Mais elle ne peut remplacer les qualités fondamentales d’un vrai journaliste : intelligence, courage, responsabilité sociale et engagement pour la vérité.
Selon lui, l’IA peut aider à créer du contenu, analyser des données, personnaliser l’information, mais c’est l’homme qui en définit l’orientation.
Il a insisté : « Apprenez la technologie, mais ne perdez pas votre humanité. Maîtrisez les outils, mais ne laissez pas les outils guider votre pensée.
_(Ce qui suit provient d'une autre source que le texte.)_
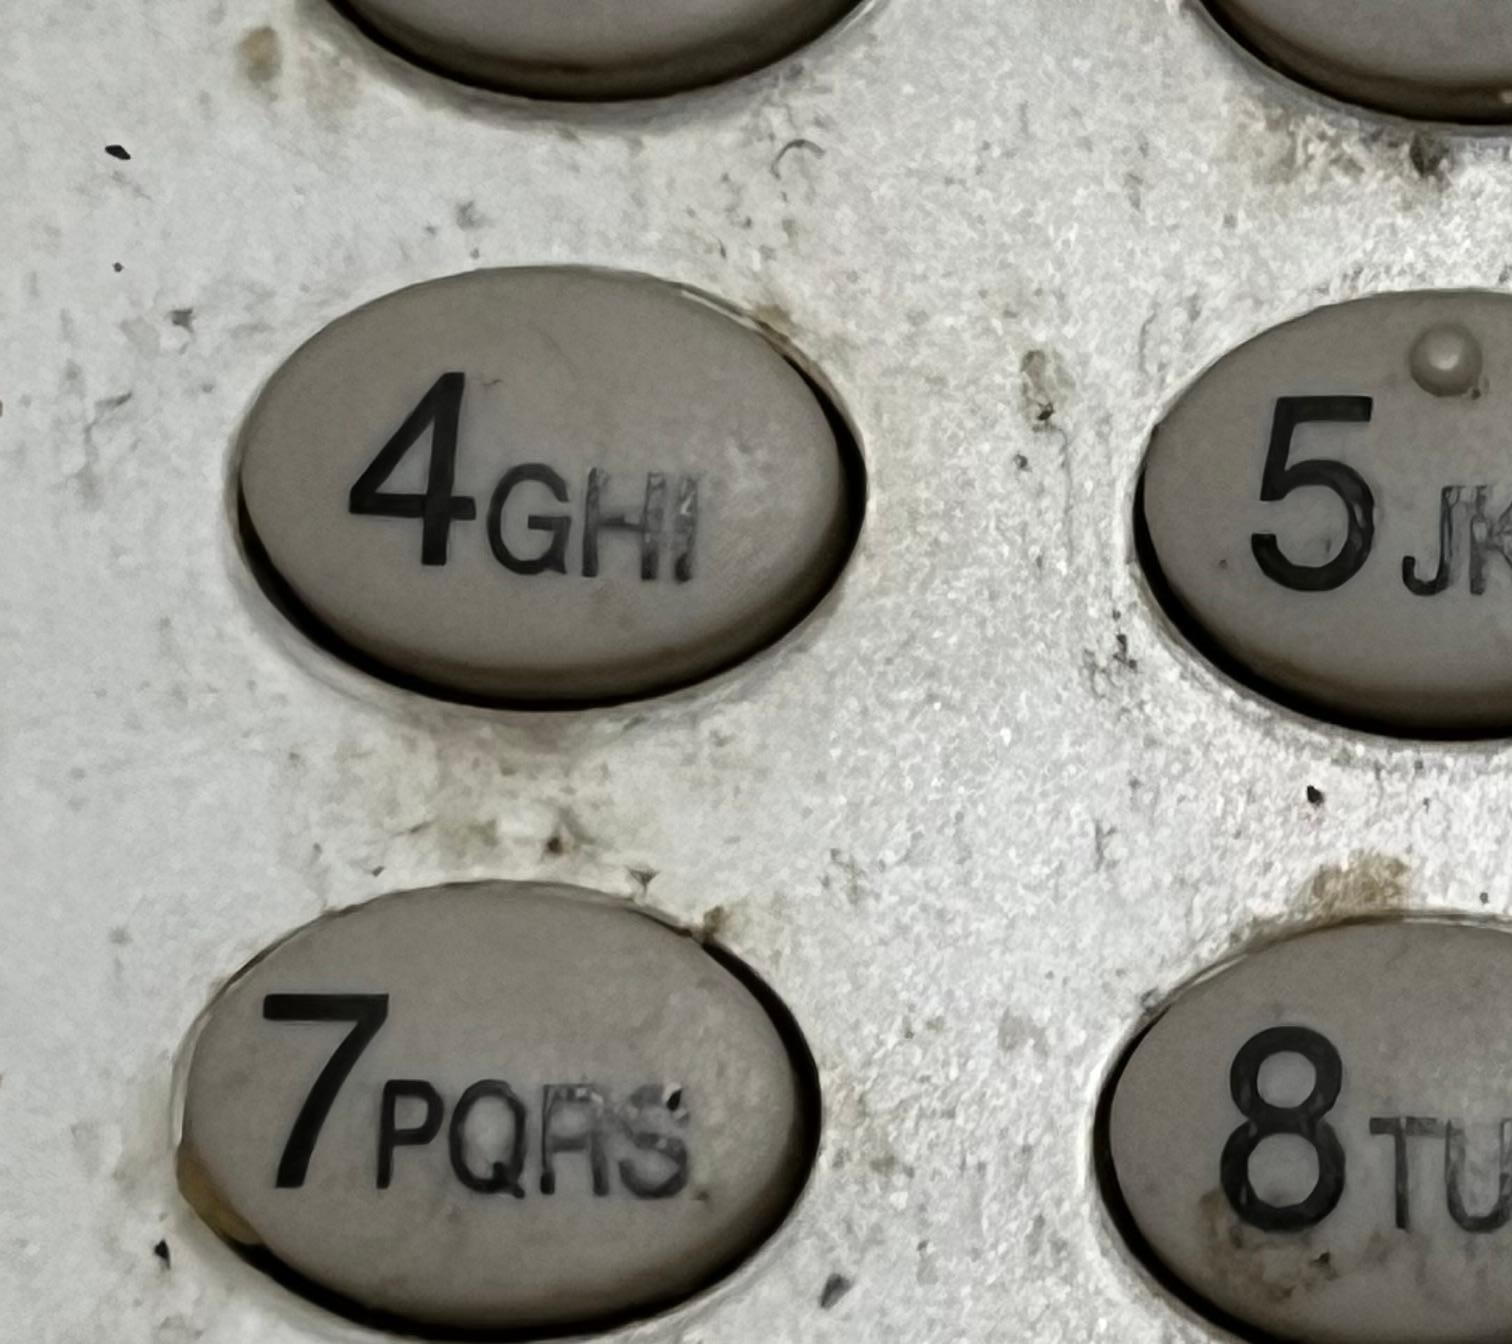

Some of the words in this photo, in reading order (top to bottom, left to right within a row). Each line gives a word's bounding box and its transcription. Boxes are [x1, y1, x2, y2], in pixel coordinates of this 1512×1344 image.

Soyez créatifs, tout en gardant un cœur honnête envers la vérité, le peuple et la noble mission du journalisme révolutionnaire. »
Le Quoc Minh, membre du Comité central du Parti, président de l’Association des journalistes vietnamiens, rédacteur en chef du journal Nhân Dân et vice-président de la Commission centrale de la sensibilisation et de l'éducation et de mobilisation de masse, a souligné que la transformation numérique du journalisme ne se résume pas à l’achat de logiciels ou à la création de centres de données.
C’est une transformation de fond. C’est toute la formation des journalistes, la manière de publier et d’interagir avec le public qui doit évoluer.
De nombreuses rédactions utilisent désormais des salles de presse numériques intégrées, exploitent l’IA pour produire des vidéos et analyser les données des lecteurs afin d’adapter les contenus aux besoins individuels. Mais, sans ressources humaines de qualité, la technologie seule ne suffit pas.
Selon lui, bien utilisée, l’IA peut énormément aider les journalistes : lire des rapports, résumer des données, analyser les comportements des lecteurs, planifier les contenus, ou encore appuyer les rédactions dans des domaines comme l’éducation ou la santé.
Le journalisme dispose d'immenses opportunités s’il sait utiliser et exploiter les sciences et technologies de manière innovante. L’essentiel est de comprendre les outils et de les utiliser au service de la société.
Garder l’humain au cœur de la mission journalistique

Le journaliste Ho Quang Loi, ancien vice-président permanent de l’Association des journalistes vietnamiens, a déclaré : « Nous vivons à l’ère des médias numériques et des réseaux sociaux. Ces derniers diffusent des informations utiles, mais aussi de nombreuses données négatives et nocives. Le rôle du journaliste est de filtrer et de vérifier ces informations. La presse doit être la réponse officielle à tous les problèmes soulevés par les réseaux sociaux. »
Il a conclu : « À l’ère numérique, les méthodes de travail peuvent changer, mais l’éthique, l’idéalisme et la posture professionnelle doivent rester. Le journaliste doit défendre les principes d’objectivité, d’impartialité, de respect de la vérité et de la justice, au service de l’intérêt de la communauté, du pays et du peuple.
La presse ne peut pas surpasser les réseaux sociaux en termes de rapidité, mais elle peut les surpasser en termes de responsabilité, de professionnalisme et d'éthique professionnelle. C'est là tout l'avantage de la presse à l'ère numérique.
Le journalisme traditionnel ne perd pas ses valeurs fondamentales, mais il doit savoir appliquer la technologie. Les journalistes modernes doivent être à la fois résolus politiquement et être professionnellement compétents et, surtout, savoir utiliser des outils multimédias numériques ».